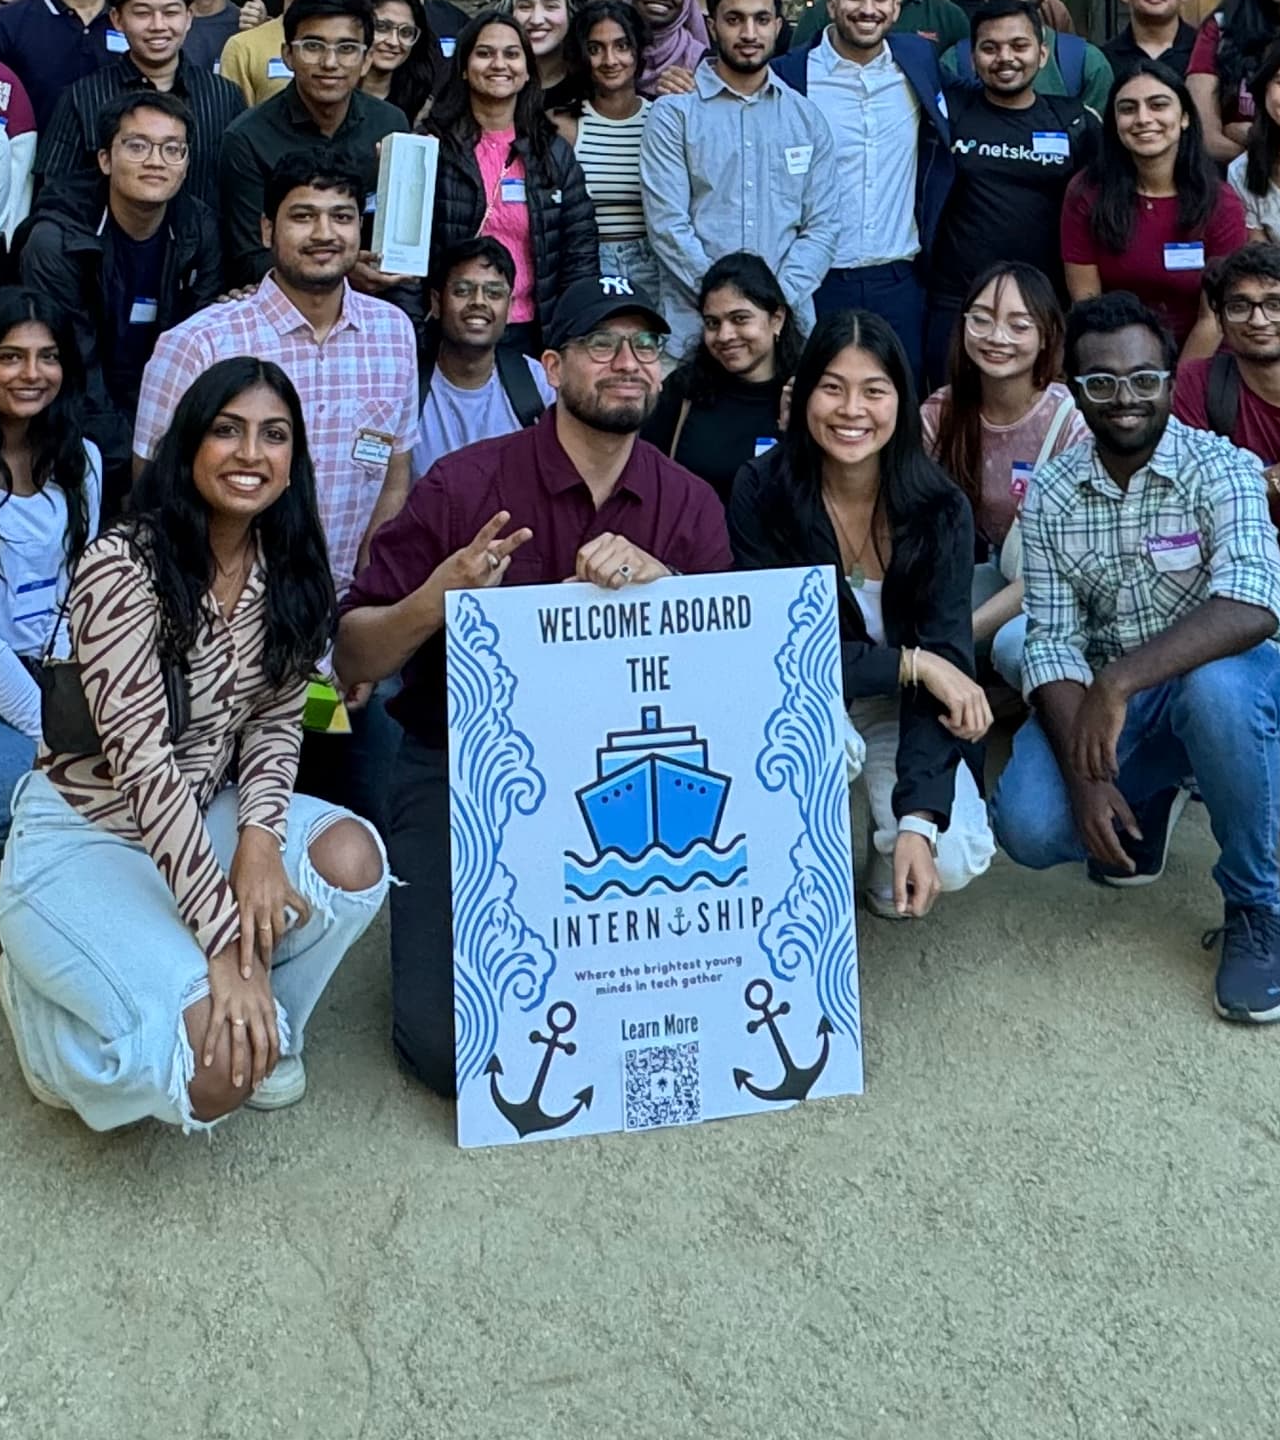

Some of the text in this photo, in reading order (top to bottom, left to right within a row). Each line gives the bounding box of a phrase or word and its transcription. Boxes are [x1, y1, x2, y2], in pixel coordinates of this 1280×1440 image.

[978, 143, 1065, 165] netskope
[538, 594, 752, 644] WELCOME ABOARD
[626, 655, 671, 693] THE
[574, 955, 743, 982] Where the brightest young
[595, 972, 723, 996] minds in tech gather
[621, 1013, 699, 1041] Learn More

What is being asked
Word for word, print the material above, but without its pictures.

Exercise solution
Some of the text in this photo, in reading order (top to bottom, left to right within a row). Each line gives the bounding box of a phrase or word and its transcription. Boxes are [x1, y1, x2, y2], in pixel coordinates of this 1280×1440 image.

[978, 143, 1065, 165] netskope
[538, 594, 752, 644] WELCOME ABOARD
[626, 655, 671, 693] THE
[574, 955, 743, 982] Where the brightest young
[595, 972, 723, 996] minds in tech gather
[621, 1013, 699, 1041] Learn More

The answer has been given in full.